Zawsze mam na uwadze fakt iż losy wszechświata są jak zabawka na placu zabaw. Życie zawsze zaskakuje i to wciąż sprawia iż mój osobisty głód doznań pobudza mnie do działania i wykazywania zainteresowania przyziemnymi sprawami jakim obdarza nas dzień powszedni.

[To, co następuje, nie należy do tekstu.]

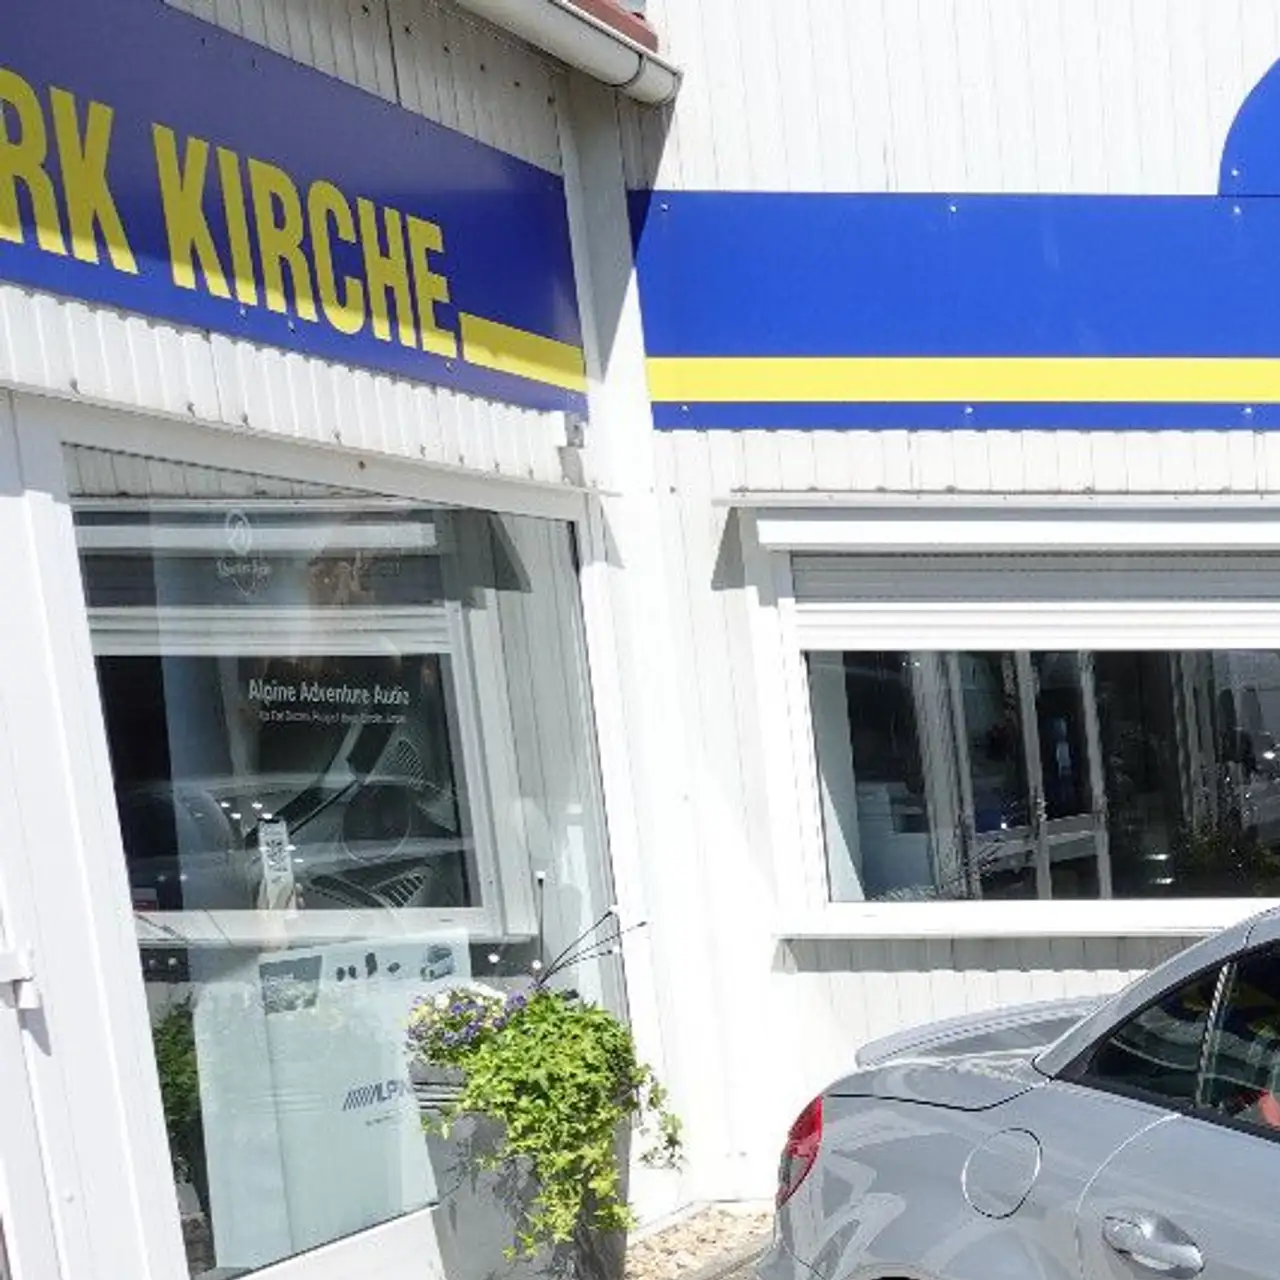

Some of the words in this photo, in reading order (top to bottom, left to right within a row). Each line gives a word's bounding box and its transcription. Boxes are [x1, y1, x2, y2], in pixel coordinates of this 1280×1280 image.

[152, 122, 459, 359] KIRCHE
[249, 678, 297, 708] Alpine
[300, 681, 370, 705] Adventure
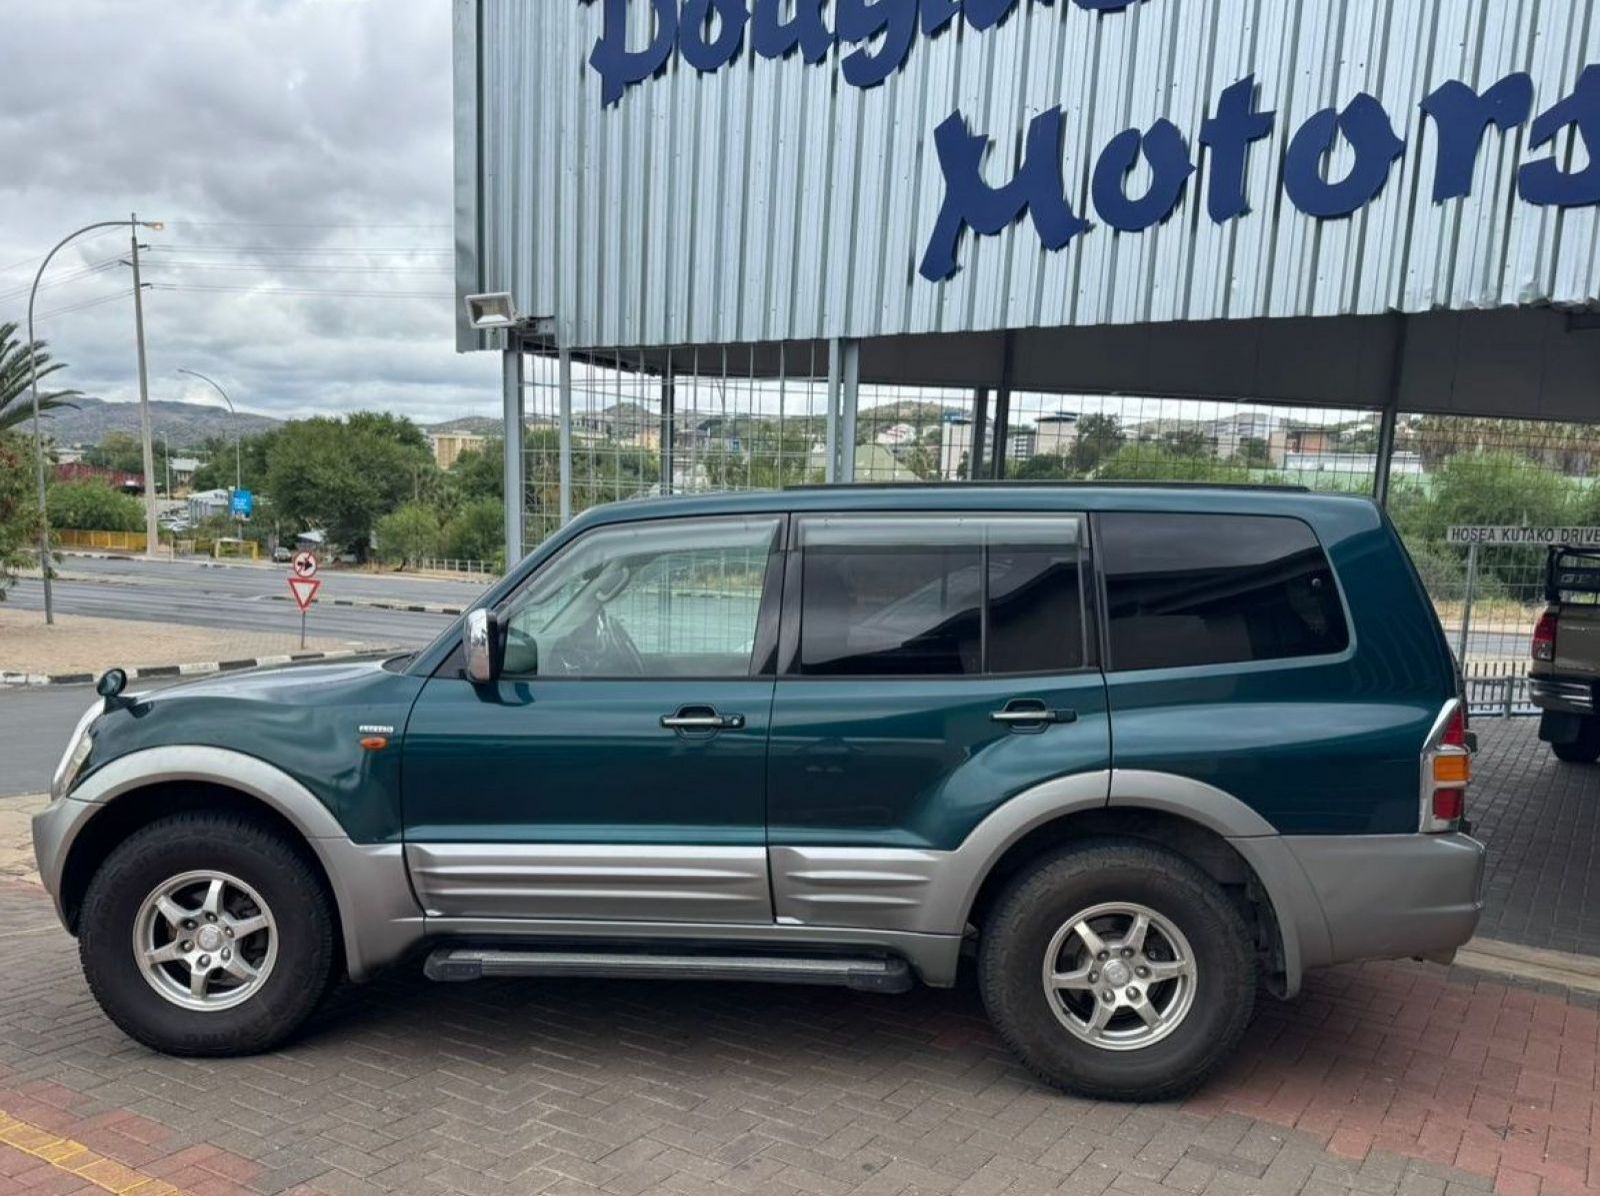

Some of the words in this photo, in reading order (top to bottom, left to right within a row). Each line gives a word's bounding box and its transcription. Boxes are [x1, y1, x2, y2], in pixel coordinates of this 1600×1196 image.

Całkiem niedawno miałem nieprzyjemność zapoznać się z wypowiedzią nielubianego prze zemnie pana Nałęcza:
Nie życzę sobie, aby PiS szedł w marszu z hasłem skopiowanym z niemieckiego nazizmu
„- Występuję w obronie tych ludzi, bo oni nie wiedzieli, że im się proponuje w katolickiej Polsce iść pod hasłem skopiowanym z niemieckiego nazizmu. Nie życzę sobie, żeby w Polsce, tak boleśnie doświadczonej faszyzmem, związki zawodowe maszerowały pod hasłem "praca czyni wolnym". Albo żeby bal geologów obywał się pod hasłem "nocy kryształowej" - powiedział w Radiu Zet prof. Tomasz Nałęcz. „
Przyznam się bez bicia że uwielbiam jak życie się mści za takie beznadziejnie głupie wypowiedzi. Oczywiście rzeczywistość i tym razem mnie nie zawiodła (dzięki wielkie) i długo na zemstę nie kazała czekać.
Proszę bardzo: Manufaktura. Noc zakupów niemal jak... pogrom Żydów
W związku z tym faktem z niecierpliwością czekam na wypowiedź pana Nałęcza gromiącego kampanię łódzkiej Manufaktury.
Panie Nałęcz nie każ pan czekać zbyt długo!!!!